[Problem to work on]
Reproduce the data below in full and exclude every picture.
***** Provided data *****
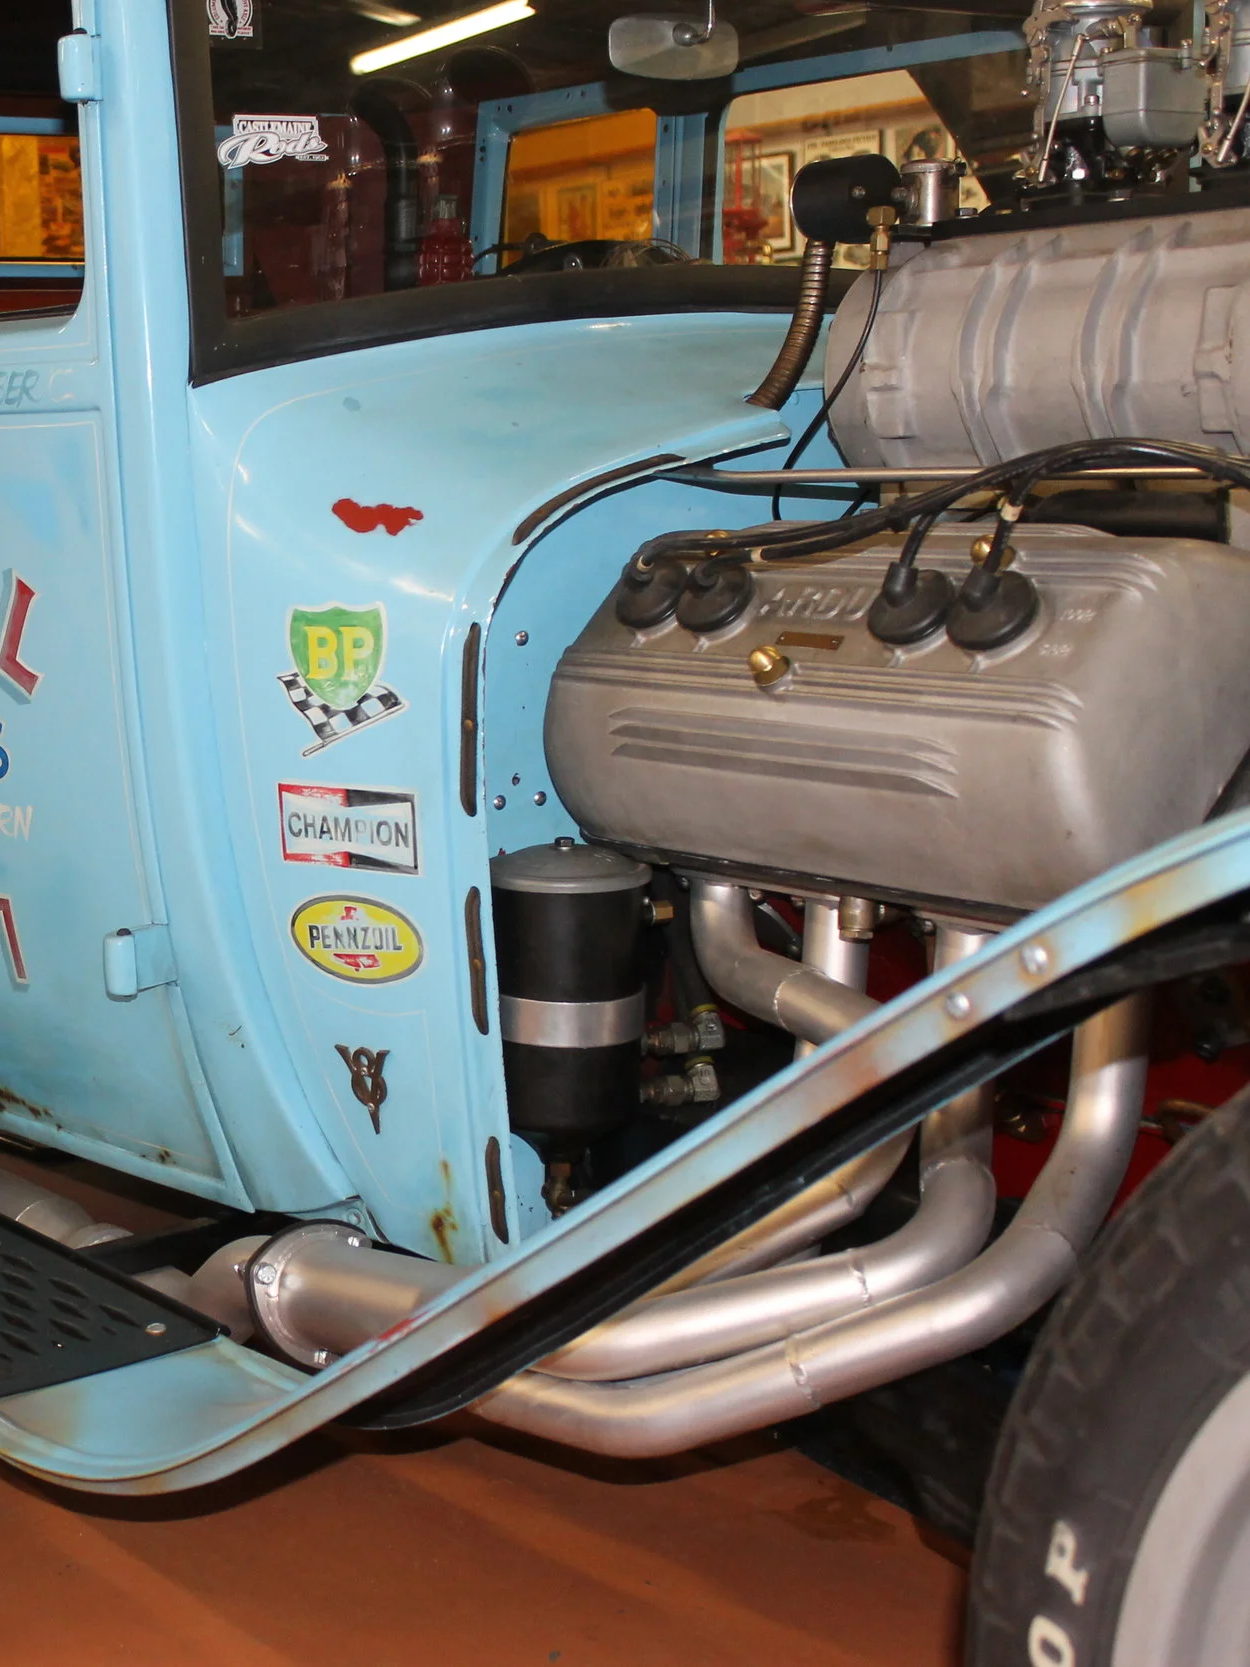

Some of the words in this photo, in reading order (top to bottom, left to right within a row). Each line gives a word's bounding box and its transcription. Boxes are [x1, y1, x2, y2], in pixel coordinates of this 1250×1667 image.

[238, 120, 314, 137] CASTLEMAINE
[217, 131, 328, 169] Rods
[757, 587, 882, 620] ARDU
[303, 625, 375, 681] BP
[287, 811, 410, 848] CHAMPION
[308, 924, 403, 951] PENNZOIL
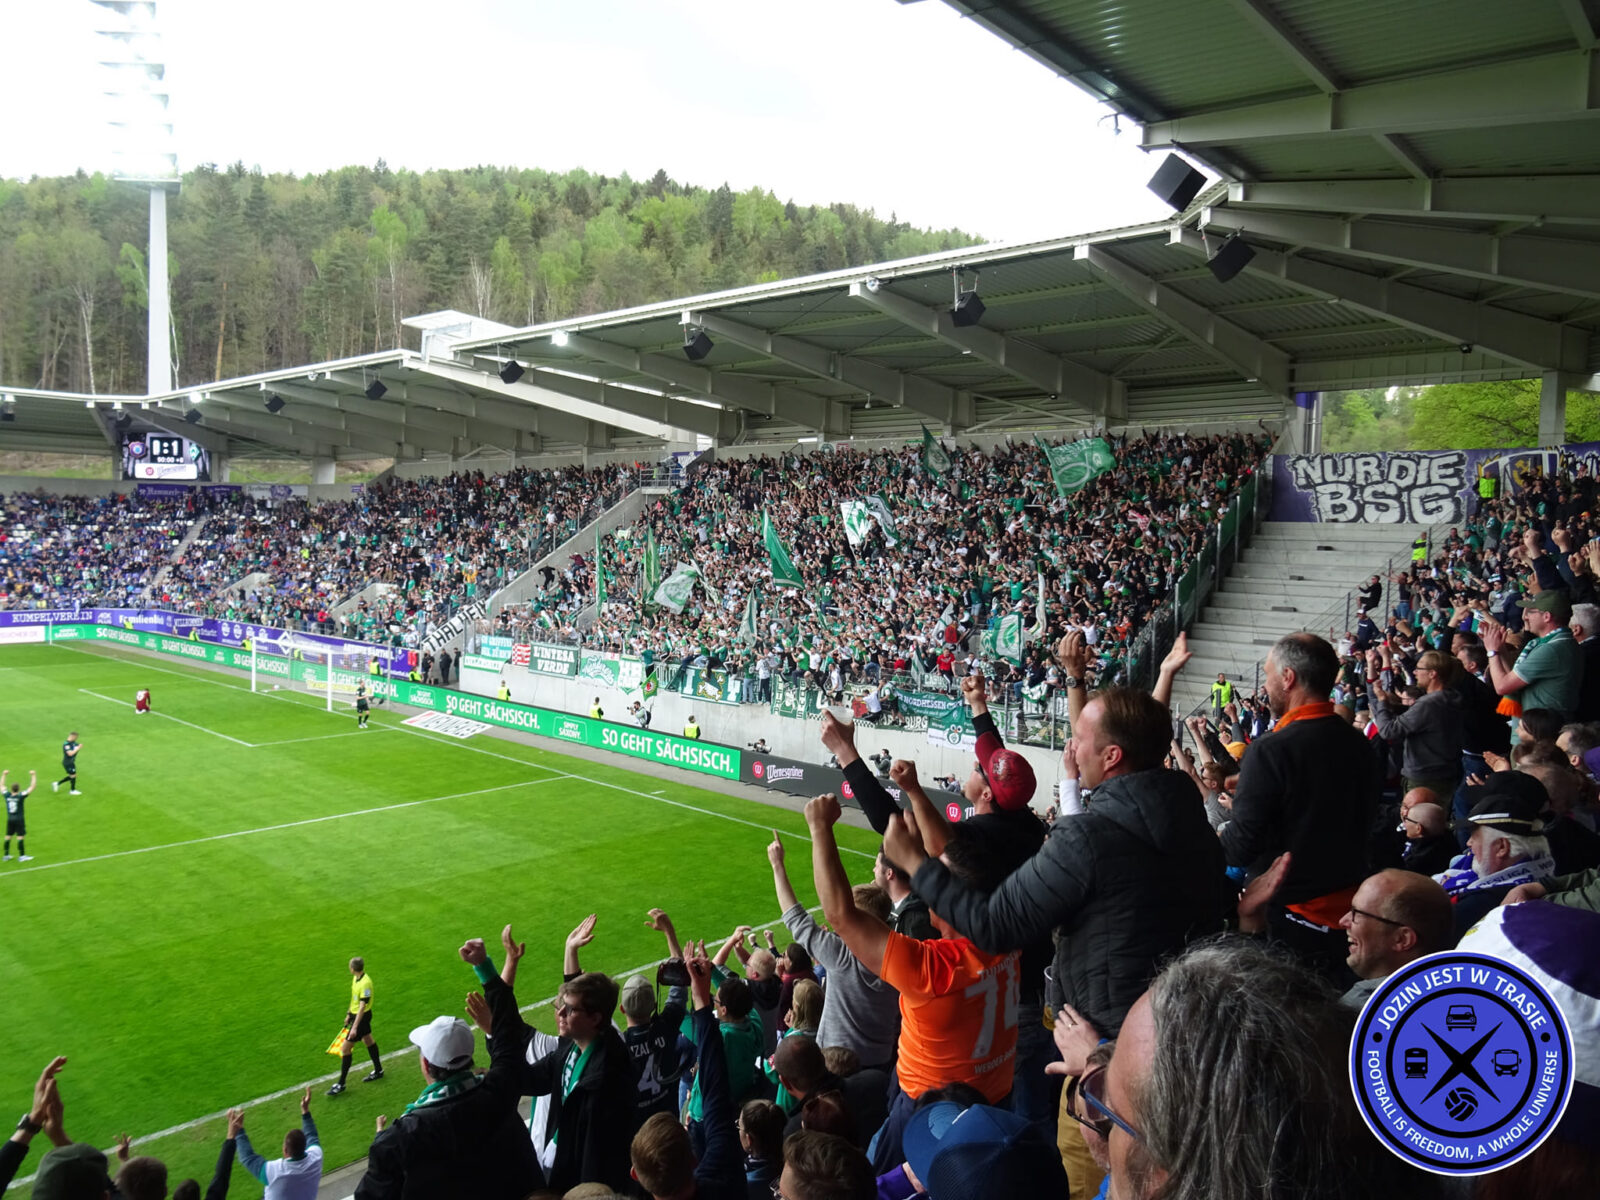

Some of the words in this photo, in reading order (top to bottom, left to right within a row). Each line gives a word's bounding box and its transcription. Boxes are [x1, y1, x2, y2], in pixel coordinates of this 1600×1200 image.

[1296, 454, 1385, 487] NUR
[1387, 451, 1465, 489] DIE
[1314, 480, 1459, 524] BSG
[537, 659, 570, 675] VERDE
[445, 695, 458, 709] SO
[458, 699, 482, 717] GEHT
[484, 702, 541, 730] SÄCHSISCH.
[602, 728, 618, 746] SO
[620, 732, 652, 755] GEHT
[656, 738, 735, 773] SÄCHSISCH.
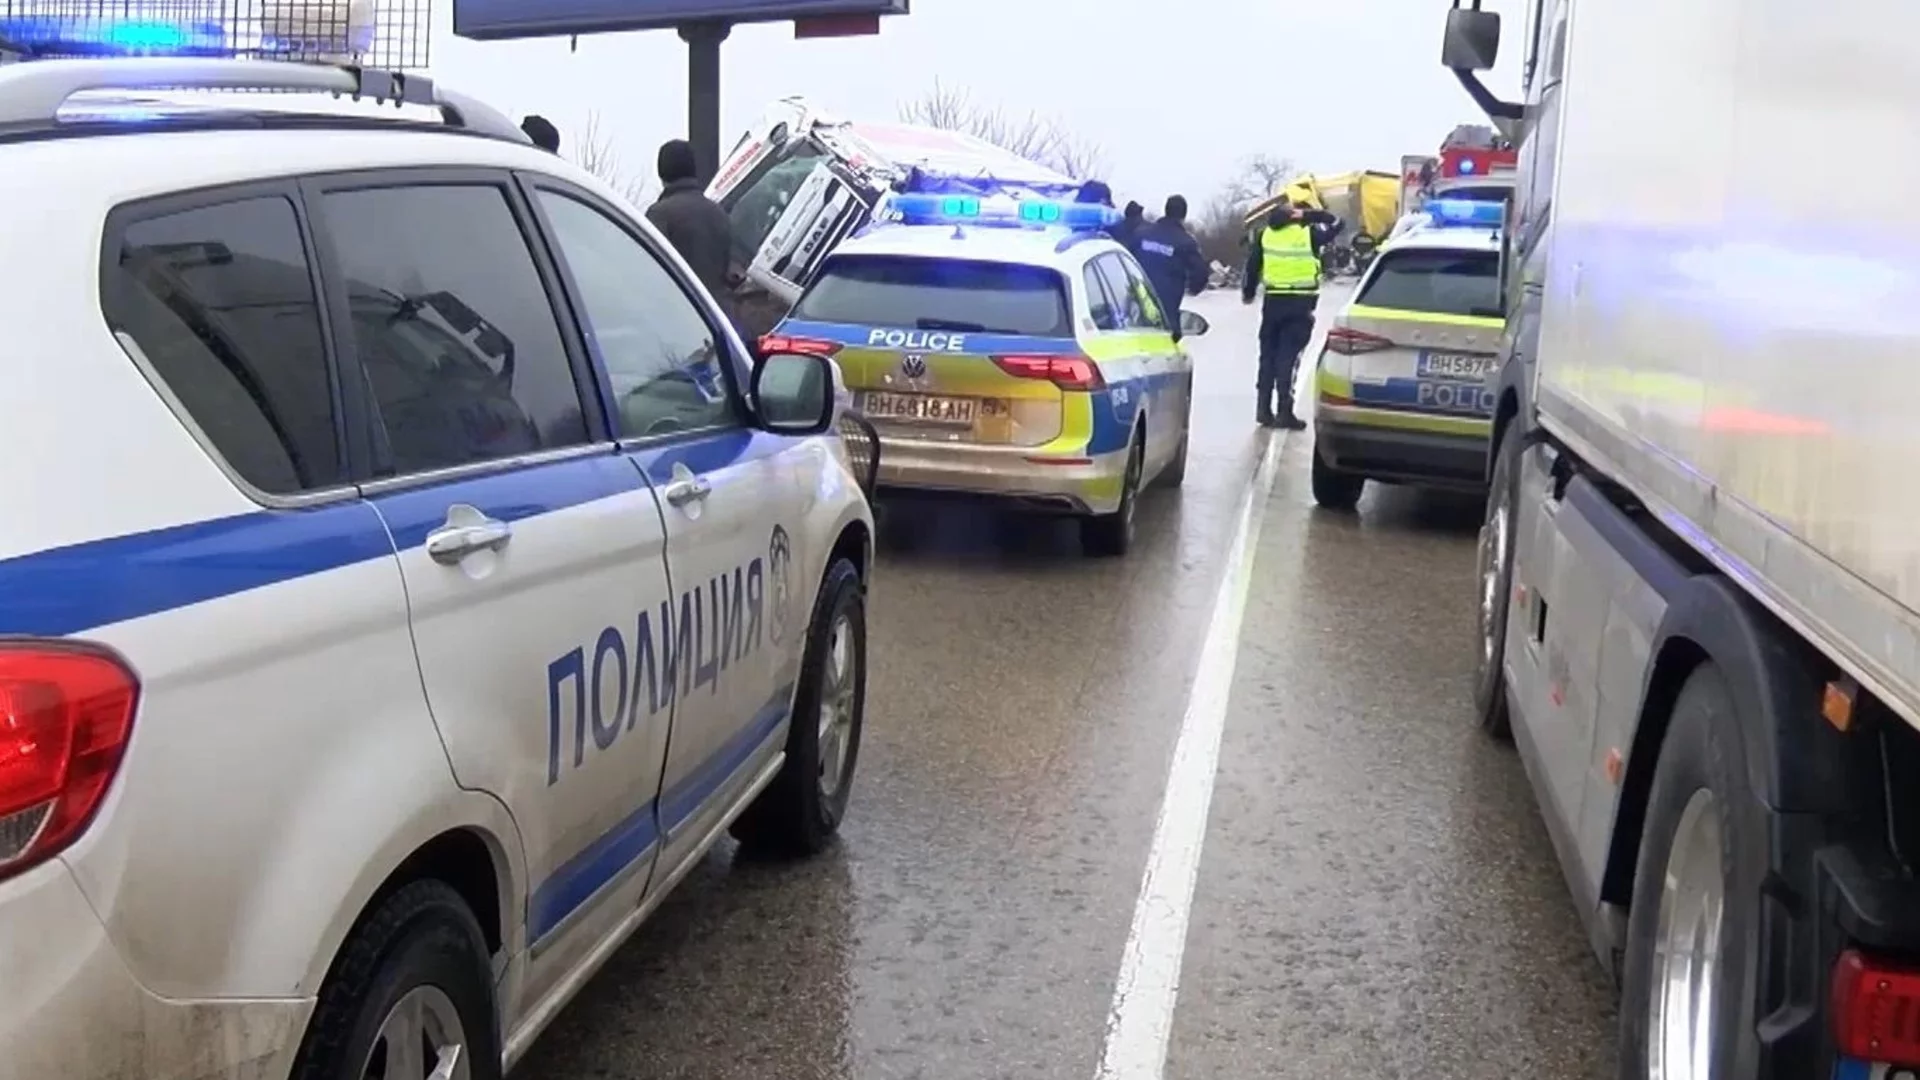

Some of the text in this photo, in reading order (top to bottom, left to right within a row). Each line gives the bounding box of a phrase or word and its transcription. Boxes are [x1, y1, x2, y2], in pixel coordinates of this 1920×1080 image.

[868, 328, 966, 351] POLICE
[1417, 382, 1495, 410] POLIC
[547, 556, 763, 788] ПОЛИЦИЯ
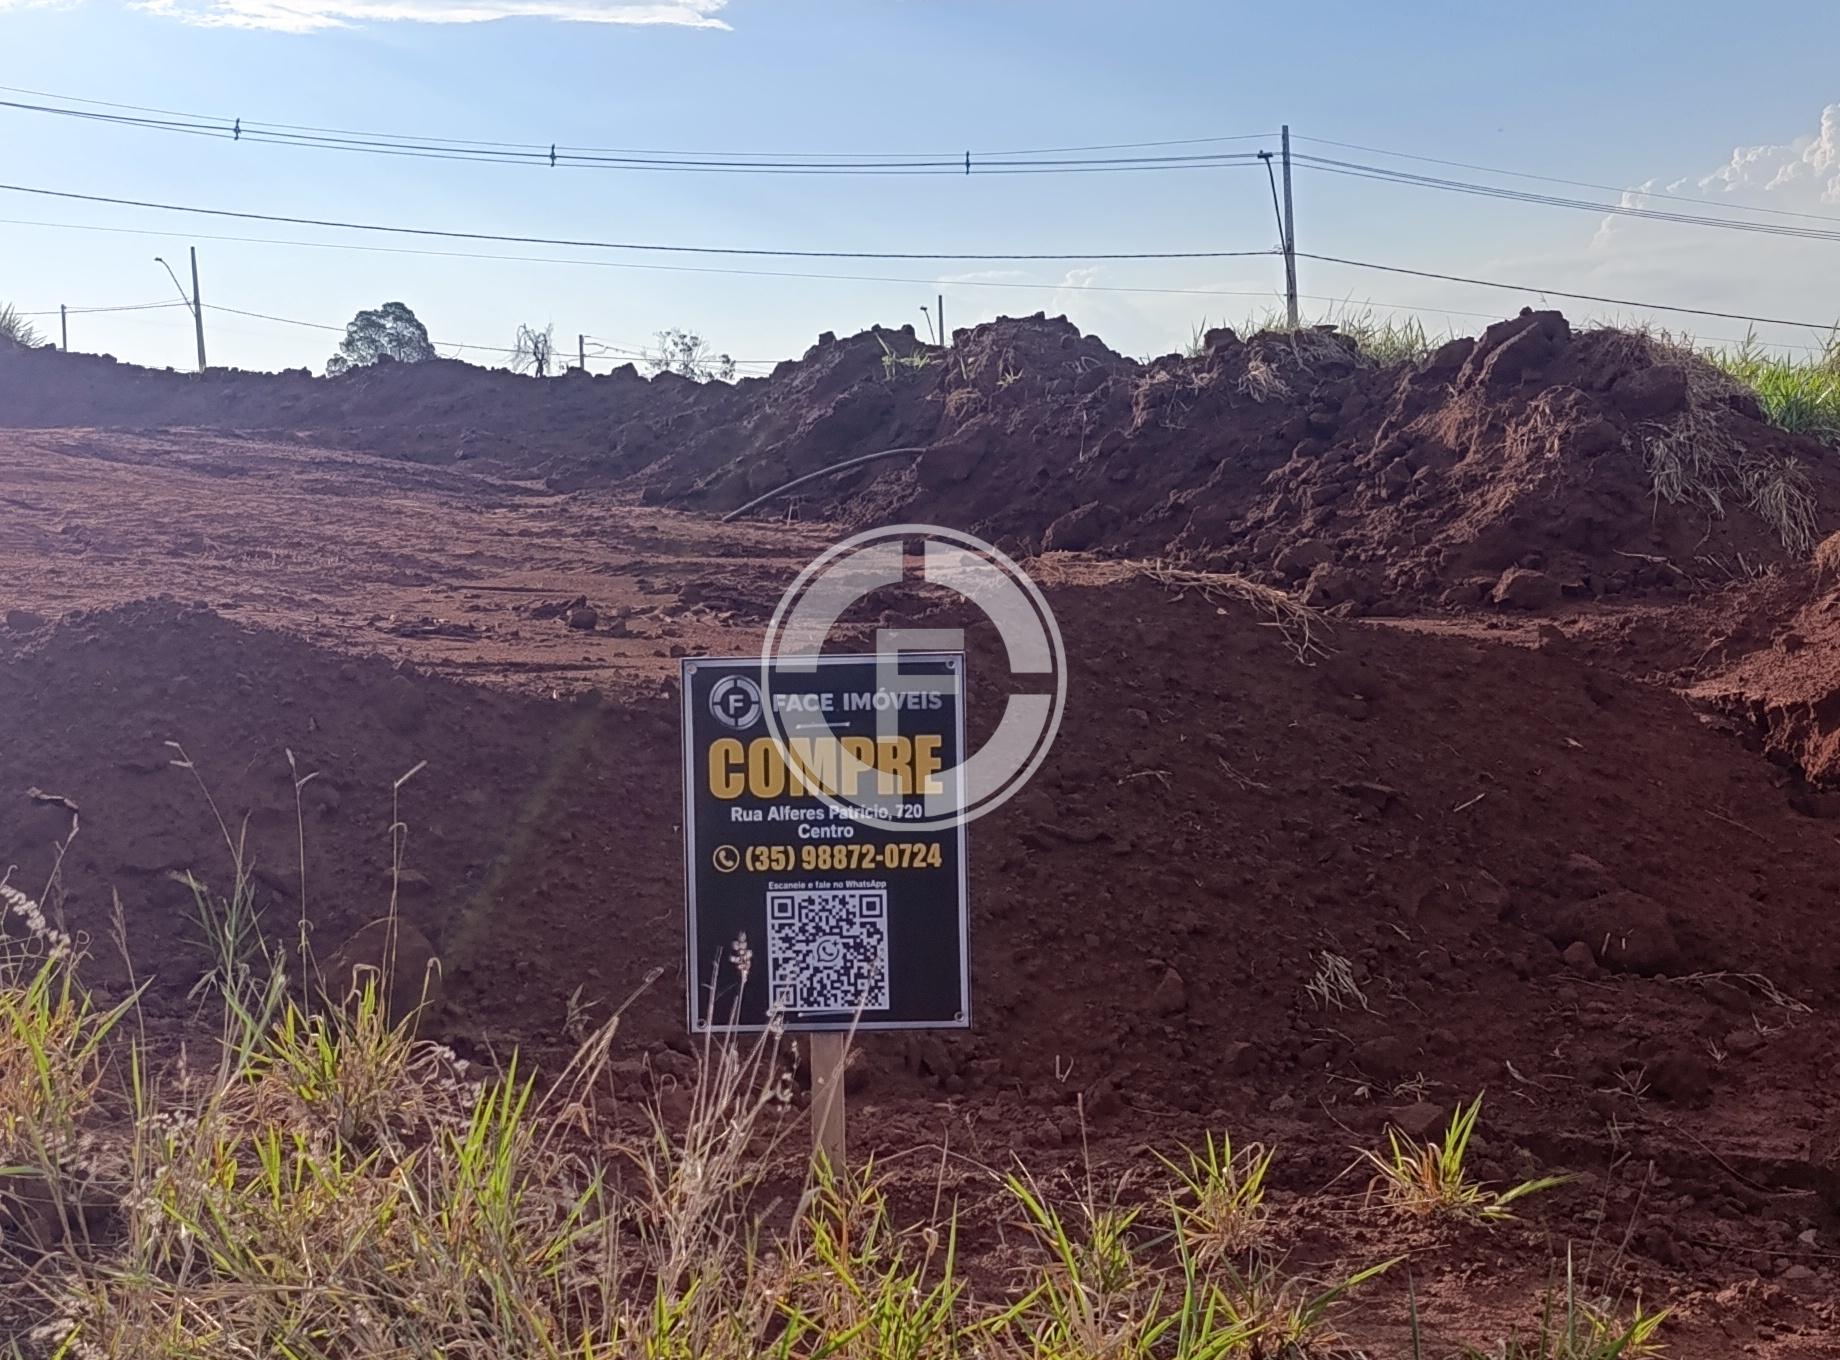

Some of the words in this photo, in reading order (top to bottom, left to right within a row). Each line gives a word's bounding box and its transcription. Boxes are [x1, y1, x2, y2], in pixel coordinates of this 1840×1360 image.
*****
[Written answer]
Some of the words in this photo, in reading order (top to bottom, left to right within a row). Each line gives a word's bounding box and its transcription. Boxes are [x1, y1, x2, y2], in pixel coordinates of this 1250×1667 image.

[238, 120, 314, 137] CASTLEMAINE
[217, 131, 328, 169] Rods
[757, 587, 882, 620] ARDU
[303, 625, 375, 681] BP
[287, 811, 410, 848] CHAMPION
[308, 924, 403, 951] PENNZOIL

Some of the words in this photo, in reading order (top to bottom, left to right within a row). Each line gives a word's bounding box and its transcription. Boxes are [x1, y1, x2, y2], in pixel coordinates of this 1600×1200 image.

[1296, 454, 1385, 487] NUR
[1387, 451, 1465, 489] DIE
[1314, 480, 1459, 524] BSG
[537, 659, 570, 675] VERDE
[445, 695, 458, 709] SO
[458, 699, 482, 717] GEHT
[484, 702, 541, 730] SÄCHSISCH.
[602, 728, 618, 746] SO
[620, 732, 652, 755] GEHT
[656, 738, 735, 773] SÄCHSISCH.

Some of the text in this photo, in reading order (top to bottom, left to right within a row). Each line gives the bounding box of a phrase or word and its transcription. Boxes are [x1, y1, x2, y2], in pixel coordinates of this 1920×1080 image.

[868, 328, 966, 351] POLICE
[1417, 382, 1495, 410] POLIC
[547, 556, 763, 788] ПОЛИЦИЯ

Some of the words in this photo, in reading order (top to bottom, left to right within a row). Each line gives a word's bounding box and its transcription. Boxes are [x1, y1, x2, y2], in pixel coordinates of this 1840×1360 image.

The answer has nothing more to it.